#### Records for the exercise:
━━━━━━━━━━

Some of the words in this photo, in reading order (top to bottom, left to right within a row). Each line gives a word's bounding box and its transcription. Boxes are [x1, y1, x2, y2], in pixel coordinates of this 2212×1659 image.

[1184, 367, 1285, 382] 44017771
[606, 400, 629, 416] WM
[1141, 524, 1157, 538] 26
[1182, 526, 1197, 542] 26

━━━━━━━━━━

#### Problem statement:
Type out the whole of the data again, exactly as shown.

#### Result for this task:
Some of the words in this photo, in reading order (top to bottom, left to right within a row). Each line gives a word's bounding box and its transcription. Boxes are [x1, y1, x2, y2], in pixel coordinates of this 2212×1659 image.

[1184, 367, 1285, 382] 44017771
[606, 400, 629, 416] WM
[1141, 524, 1157, 538] 26
[1182, 526, 1197, 542] 26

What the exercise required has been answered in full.